Keywords: Formation and decision making process, Tamil Nadu, Village Water Sanitation Committee

How to cite this article:
Ganesh S R, Kumar S G, Sarkar S, Kar SS, Roy G, Premarajan K C. Assessment of village water and sanitation committee in a district of Tamil Nadu, India. Indian J Public Health 2013;57:43-6

How to cite this URL:
Ganesh S R, Kumar S G, Sarkar S, Kar SS, Roy G, Premarajan K C. Assessment of village water and sanitation committee in a district of Tamil Nadu, India. Indian J Public Health [serial online] 2013 [cited 2023 Mar 26];57:43-6. Available from:

The impact of water sanitation and hygiene on disease was reassessed in a more comprehensive way, which estimated that almost one-tenth of the global burden of disease can be attributed to water, sanitation, and hygiene. [1] In India, 65% of its rural areas are without sanitation facilities and large parts of rural India face acute water shortage. [2] According to Census 2001 around 40% of people in the country still have unsafe water supply and sanitation problems. [3] Decentralization and people's participation have been considered key strategies for making health-care services effective as mentioned in all significant documents articulating people's rights to health such as Alma Atta declaration, Bhore Committee Report, and National Rural Health Mission (NRHM).

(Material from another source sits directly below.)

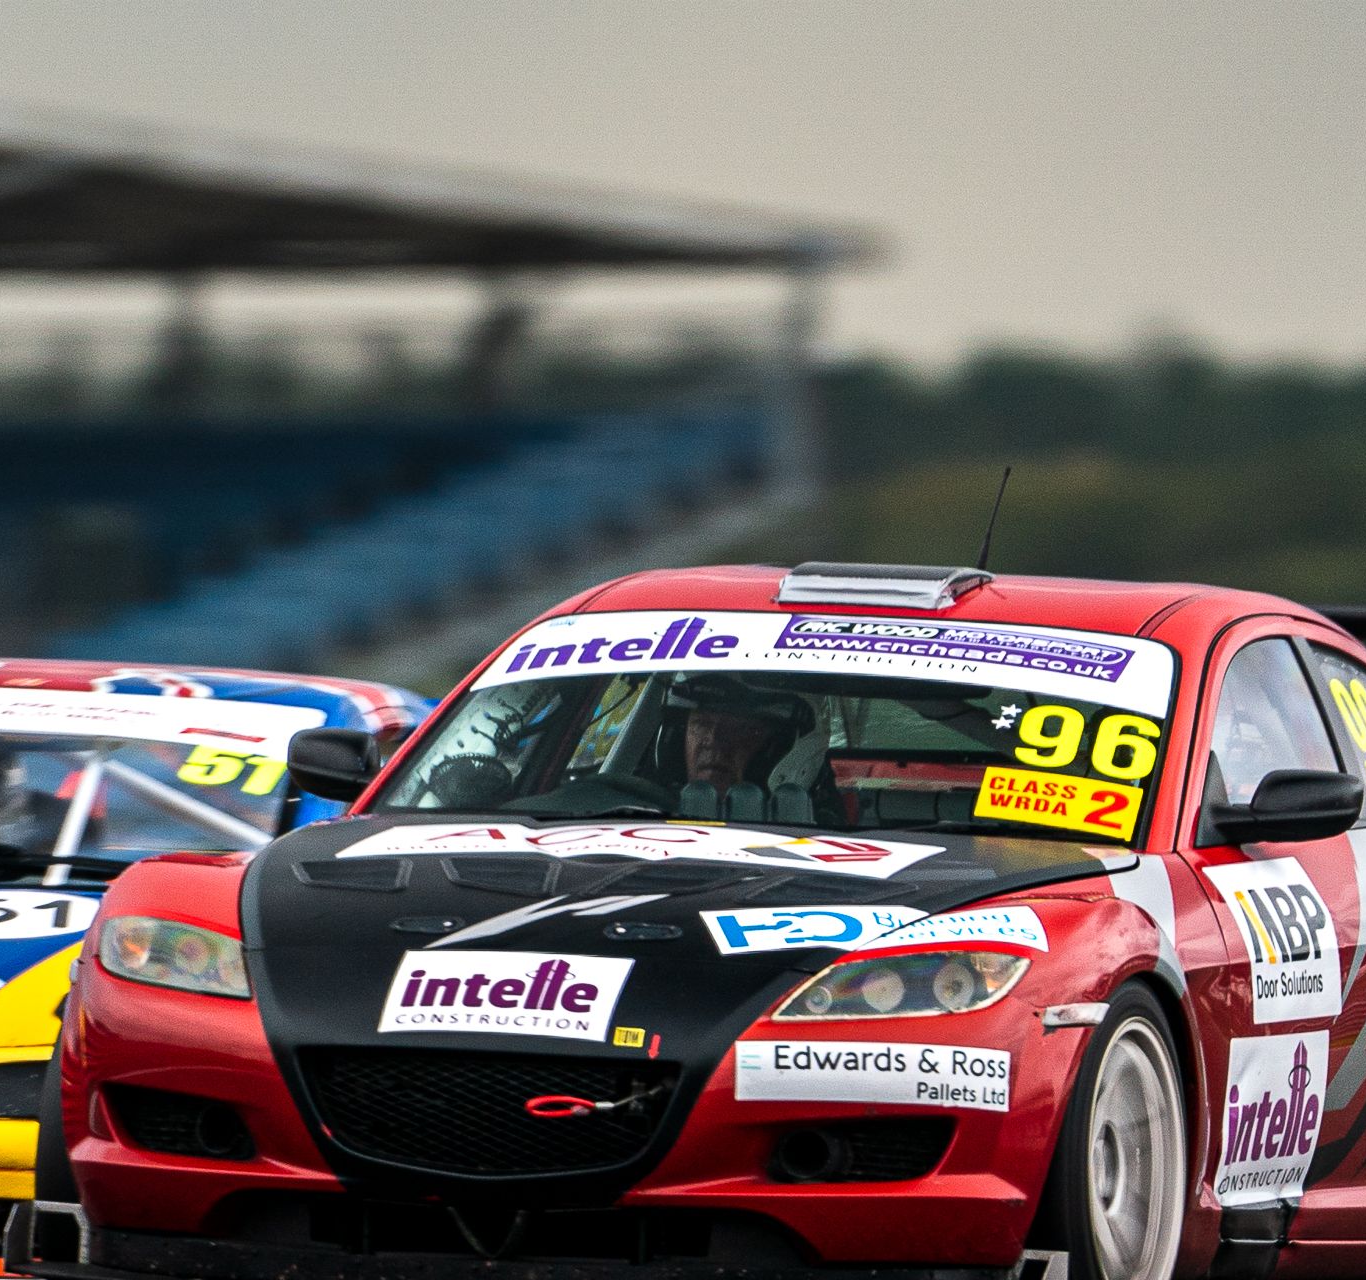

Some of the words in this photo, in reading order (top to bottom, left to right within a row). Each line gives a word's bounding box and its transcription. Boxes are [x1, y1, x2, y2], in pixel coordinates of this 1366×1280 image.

The Village Health and Sanitation Committee (VHSC) is one of the nine institutional mechanisms under NRHM initiated by Government of India in the year 2005. [4],[5],[6] It comprises of village health workers, Panchayat Raj Institution representatives, and members of Community Based Organizations and special groups who are marginalized, have the capacity and competency to do an adequate situational analysis of the local health status. They will have control over finances and budgets with built in systems of transparency to the public. [7] The District Health Mission would guide the activities of sanitation at district level and promote joint IEC activities for sanitation and hygiene through VHSC. [5]

Limited studies had been conducted in past to assess formation and decision making process of VHSC in India. Studies of such nature will be useful for policy makers in understanding the situational analysis of the existing system and appropriate corrective measures. With this background the study aims to assess the formation, decision making process and training of Village Water and Sanitation Committee (VWSC) and awareness of local residents about it in Viluppuram District of Tamil Nadu, India.

It was a descriptive study conducted in randomly selected five villages out of 26 villages present in Omandur Primary Health Center area in Viluppuram district of Tamil Nadu, India during November and December 2010. VWSC of each village comprised of 15 members and all the 75 members from 5 selected villages were included in the study. Furthermore, to assess the awareness of the local residents who were not in committee and did not receive any training, 15 subjects with 3 from each village were included. Information was collected from the Panchayat President, Village Health Nurse (VHN), Health Inspector (HI), and other members of VWSC and local residents using the pre-tested questionnaire and interview.

Ethical clearance and permission from the respective authority was obtained prior to the study. The formation and functioning of VWSC's were assessed by the pre-tested questionnaire prepared by the investigator using the guidelines for VWSC issued by NRHM. The questionnaire included general information, formation, decision making, and training of VWSC members. With the assistance of HI and VHN of the respective village, the appointment for the interview was obtained from VWSC Members individually over telephone. After getting informed consent, interviews were conducted at the place of their convenience. Data were analyzed by SPSS version 16.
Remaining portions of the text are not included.